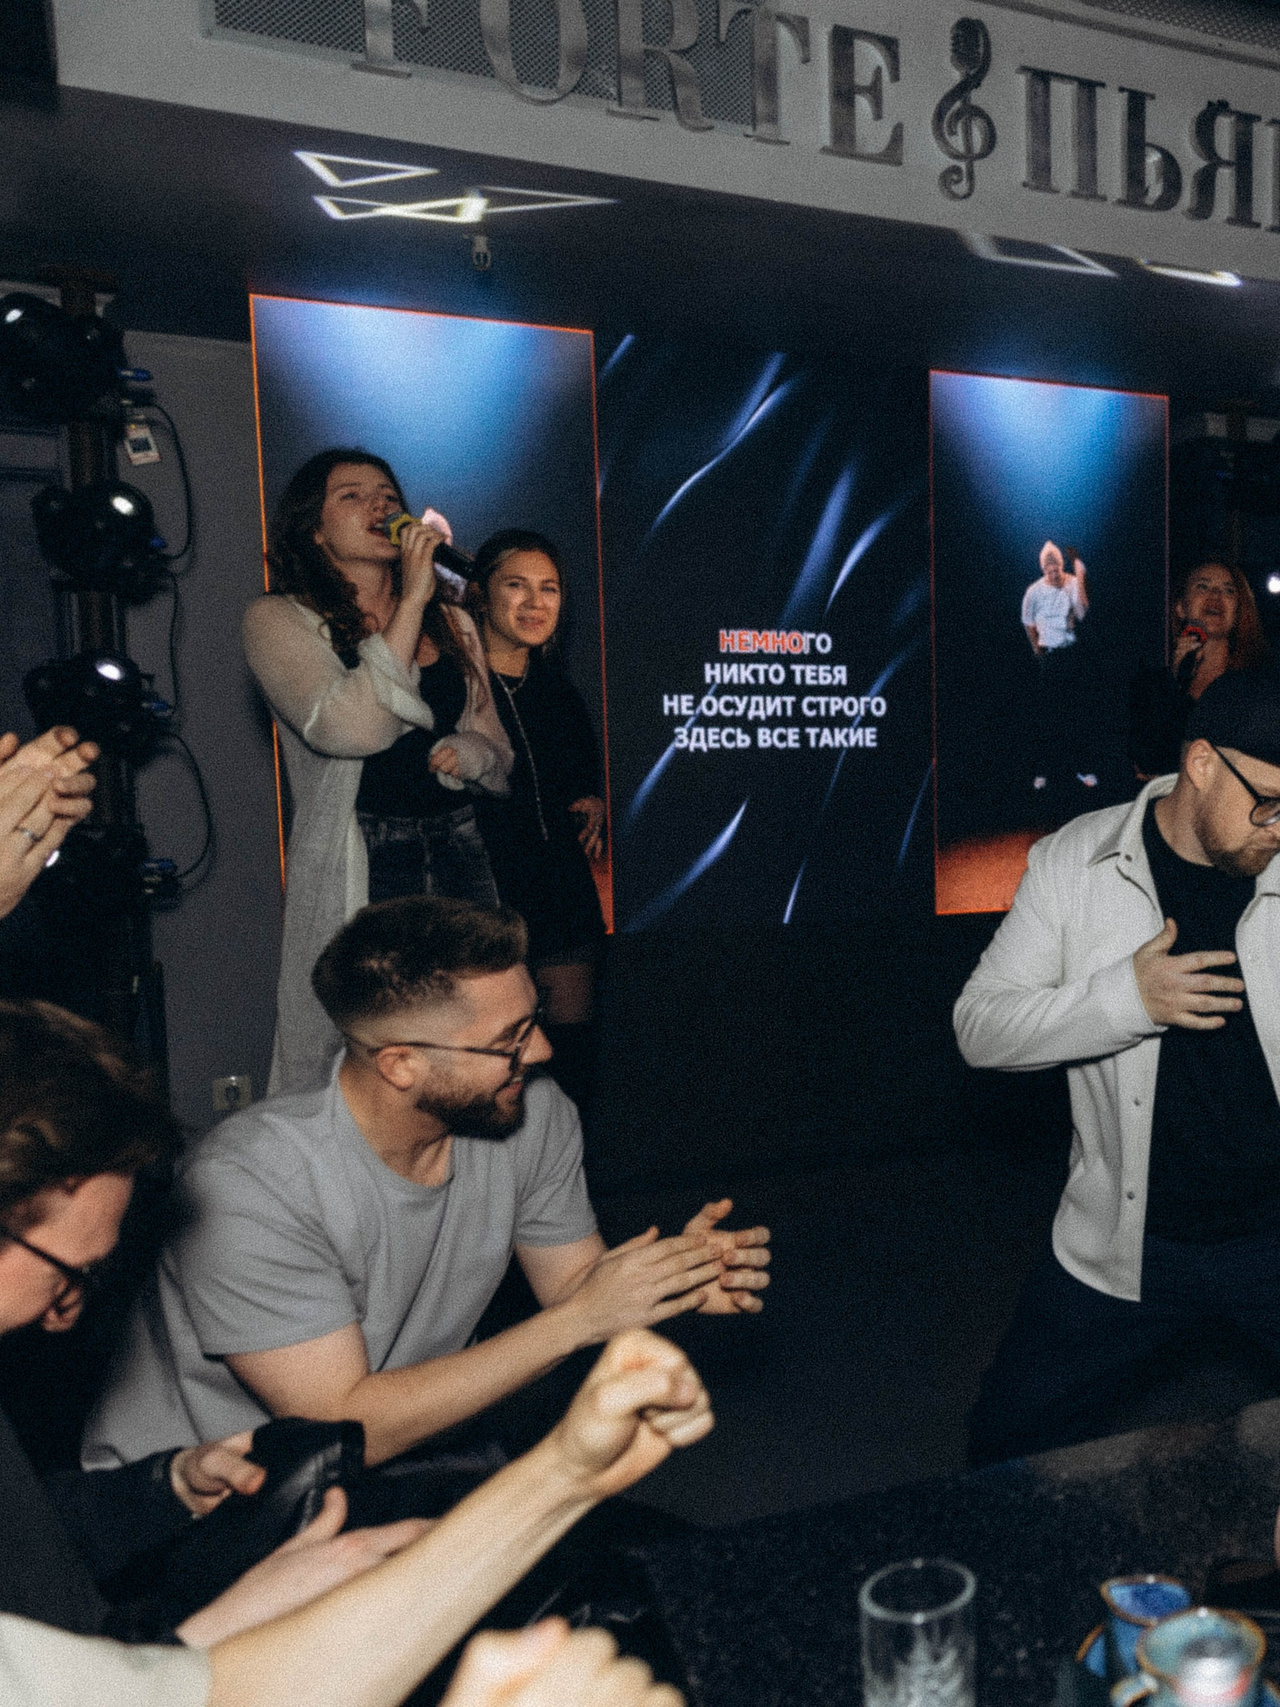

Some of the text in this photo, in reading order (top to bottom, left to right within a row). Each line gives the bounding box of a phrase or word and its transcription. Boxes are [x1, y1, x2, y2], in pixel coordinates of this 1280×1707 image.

[719, 629, 833, 654] НЕМНОГО
[704, 662, 848, 686] НИКТО ТЕБЯ
[662, 694, 887, 721] НЕ ОСУДИТ СТРОГО
[674, 727, 878, 752] ЗДЕСЬ ВСЕ ТАКИЕ
◇ ◇ ◇ ◇
*Exercise brief*
The listing above must be retyped word for word, without the pictures.

*Result below*
Some of the text in this photo, in reading order (top to bottom, left to right within a row). Each line gives the bounding box of a phrase or word and its transcription. Boxes are [x1, y1, x2, y2], in pixel coordinates of this 1280×1707 image.

[719, 629, 833, 654] НЕМНОГО
[704, 662, 848, 686] НИКТО ТЕБЯ
[662, 694, 887, 721] НЕ ОСУДИТ СТРОГО
[674, 727, 878, 752] ЗДЕСЬ ВСЕ ТАКИЕ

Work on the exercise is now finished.